Fuller v. Olive

HENDRY, Judge.

The defendant below appeals from a final decree specifically enforcing a contract whereby appellant agreed to sell and appellees agreed to buy certain real property located at 5811 North Kendall Drive, Dade County, Florida.

It was the chancellor’s findings that:

“a) On October 1, 1958, defendant gave plaintiffs a valid option, in writing, to purchase the real property herein involved, on or before September 30, 1959;
“b) Prior to that latter date, said option was extended for an additional period of one (1) year, at the instigation and request of the defendant;
“c) That certain copies of letters and other documents received in evidence herein constitute written evidence of said extension of time for exercise of option;
“d) The plaintiffs agreed to buy and the defendant agreed to sell the real property herein involved, upon terms and conditions evidenced by the testimony herein and certain written proofs' received in evidence;
'“e) The option was not exercised within 'the time provided through no fault of the plaintiffs, but through the sole fault of the defendant, and for that reason and the reasons set forth hereinbelow, defendant is estopped from denying that plaintiffs complied with the terms of said option;
“f) Part of the consideration under said option to purchase as extended, was paid to defendant by' plaintiffs; the plaintiffs were at all times herein involved, from October 1, 1958, to the date of this decree, in possession of said premises or property; and the plaintiffs made valuable and permanent improvements on said real property with the knowledge, acquiescence and consent of the defendant, during the entire period of time they so occupied said real property, and prior to the institution of this suit;
“g) The plaintiffs are entitled to have specific performance of their comprehensive, integrated, valid contract for purchase of said real property from the defendant.”

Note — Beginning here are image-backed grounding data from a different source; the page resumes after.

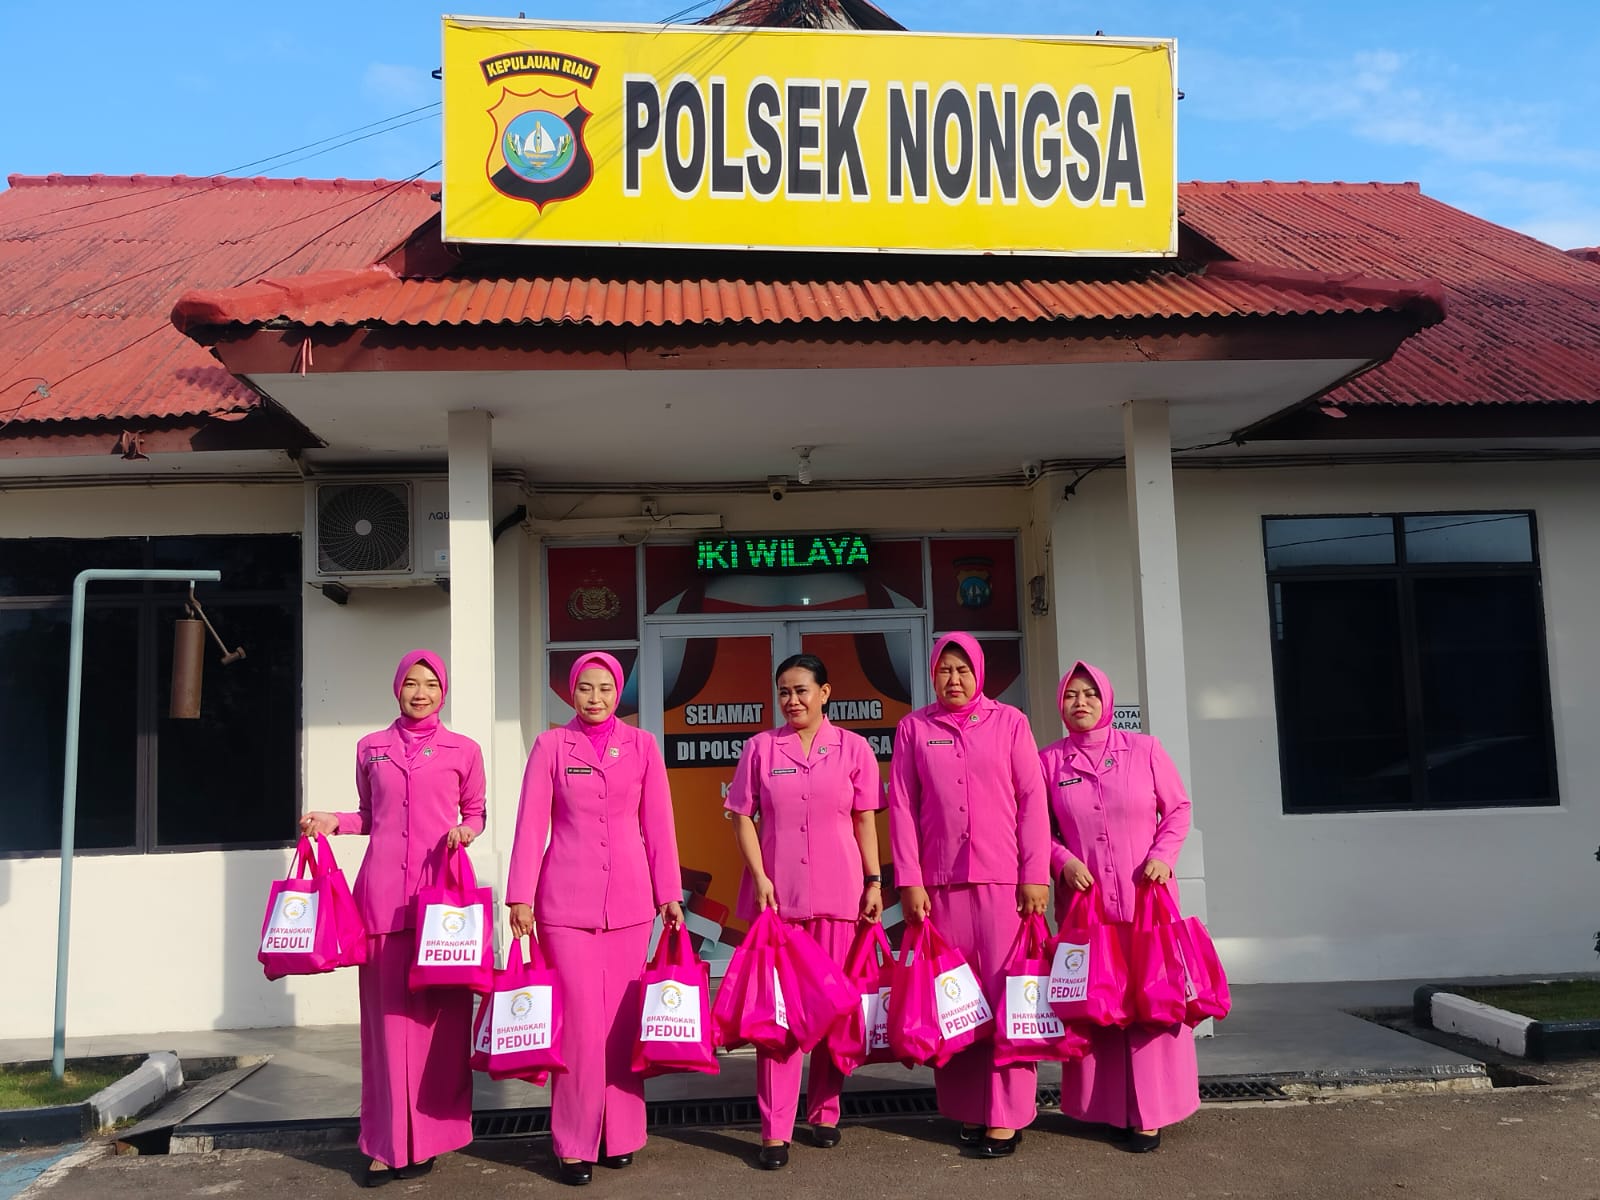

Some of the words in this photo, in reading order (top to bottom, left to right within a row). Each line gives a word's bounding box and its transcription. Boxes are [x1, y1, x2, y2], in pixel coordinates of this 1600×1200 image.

[486, 55, 560, 77] KEPULAUAN
[562, 58, 593, 80] RIAU
[626, 80, 868, 196] POLSEK
[890, 88, 1144, 202] NONGSA
[429, 511, 450, 521] AQU
[745, 536, 869, 567] WILAYA
[686, 703, 764, 725] SELAMAT
[828, 700, 882, 720] ATANG
[1113, 710, 1141, 719] KOTA
[1112, 721, 1142, 730] SARA
[677, 741, 696, 761] DI
[700, 740, 749, 760] POLS
[266, 936, 310, 949] PEDULI
[426, 939, 477, 947] BHAYANGKARI
[425, 949, 476, 961] PEDULI
[1050, 985, 1085, 999] PEDULI
[646, 1015, 696, 1025] BHAYANGKARI
[945, 1006, 989, 1034] PEDULI
[496, 1022, 546, 1035] BHAYANGKARI
[646, 1024, 695, 1038] PEDULI
[1013, 1021, 1059, 1035] PEDULI
[497, 1032, 545, 1050] PEDULI

The appellant contends that she never agreed, either orally or in writing, to an extension of option to purchase and that the evidence was insufficient to remove this contract from the operation of the Statute of Fi-auds, to-wit: § 725.01, Fla. Stat., F.S.A.

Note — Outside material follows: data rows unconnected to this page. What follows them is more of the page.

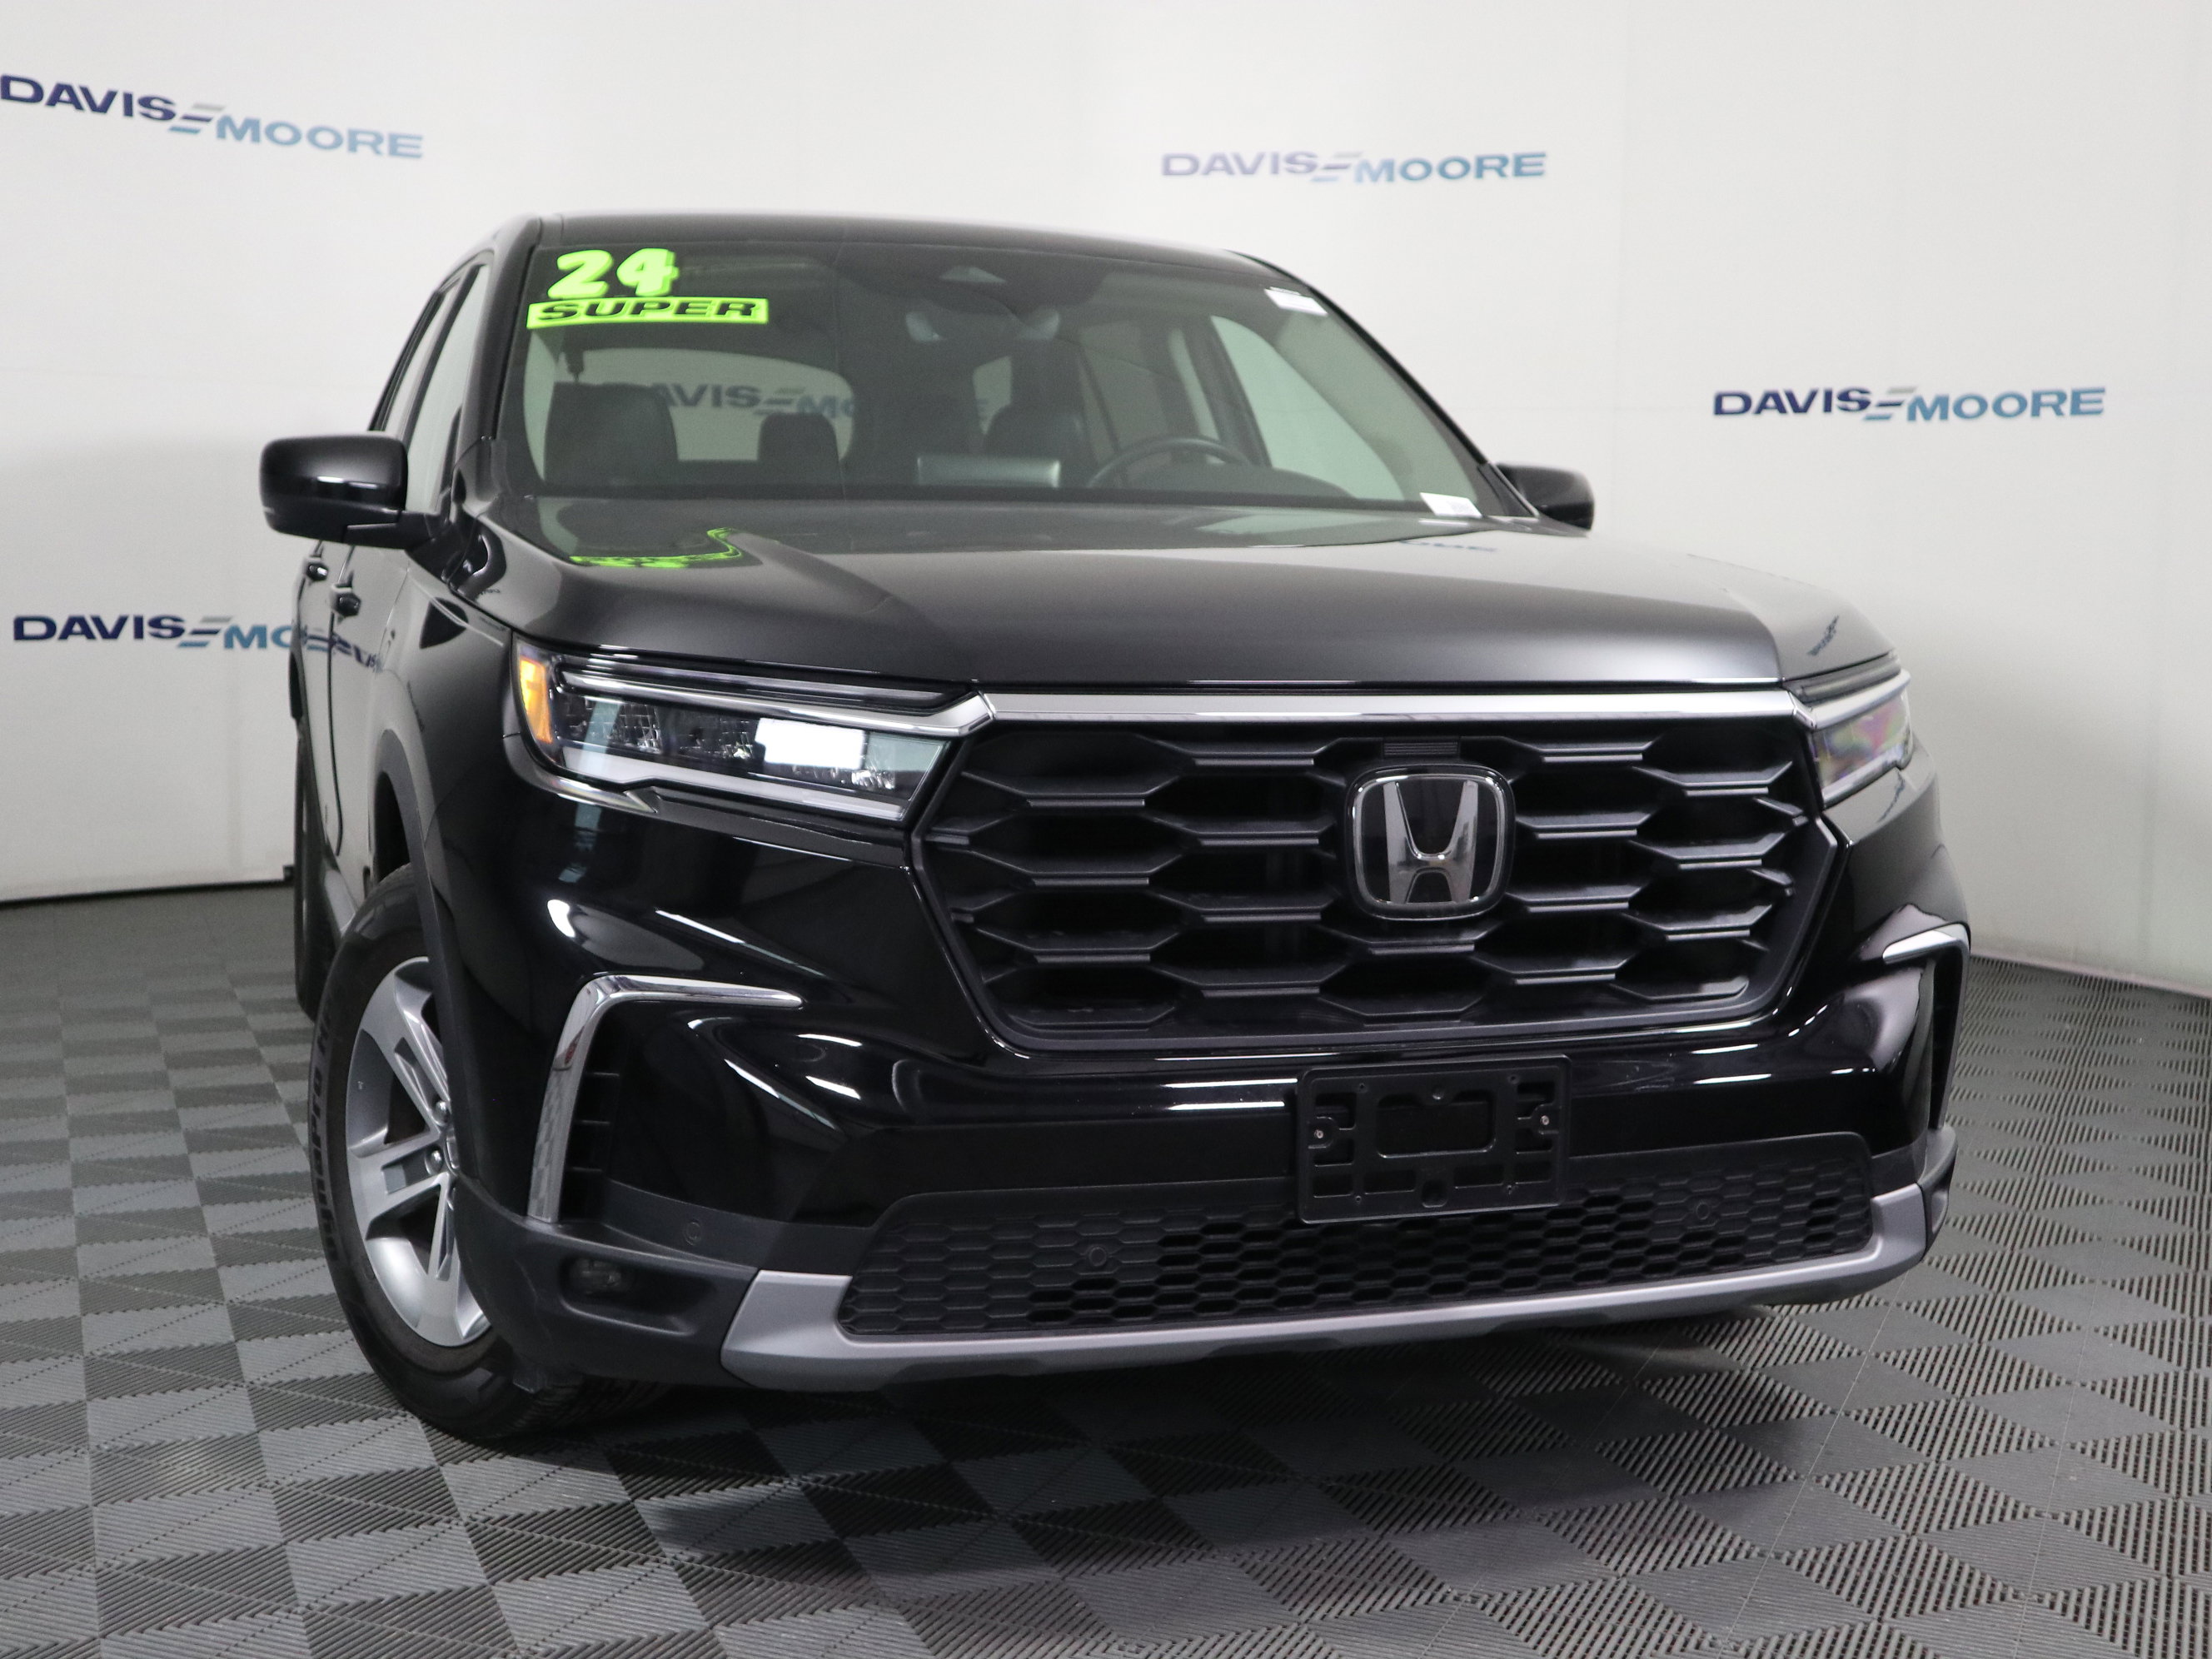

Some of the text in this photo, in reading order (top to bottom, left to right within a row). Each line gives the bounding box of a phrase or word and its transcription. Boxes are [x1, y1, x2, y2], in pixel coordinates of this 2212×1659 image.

[0, 74, 424, 159] DAVIS MOORE
[1161, 151, 1547, 183] DAVIS MOORE
[547, 247, 680, 299] 24
[537, 300, 757, 320] SUPER
[1713, 387, 2106, 422] DAVIS MOORE
[12, 615, 186, 641] DAVIS

From our review of the partial record on appeal we are unable to say that error was committed by the chancellor. The chancellor’s decree indicates that he was well acquainted with the elements of proof required either to satisfy the Statute of Frauds or to take this transaction outside its operation. The appellant had the burden of proving on appeal that the decree was erroneous both on the theory of requisite written memorandum1 and the *549theory of part performance.2 We hold that the appellant has failed to sustain the burden imposed upon her. Accordingly, the final decree should be, and it is hereby, affirmed.

Affirmed.

. See Rundel v. Gordon, 92 Fla. 1110, 111 So. 386; Alton Beach Realty Co. v. Henderson, 92 Fla. 689, 110 So. 256; Swisher v. Conrad, 76 Fla. 644, 80 So. 564; Hef-*549fernan v. Keith, Fla.App.1961, 127 So. 2d 903.

. See Miller v. Murray, Fla.1953, 68 So. 2d 594; Todd v. Hyzer, 154 Fla. 702, 704, 18 So.2d 888.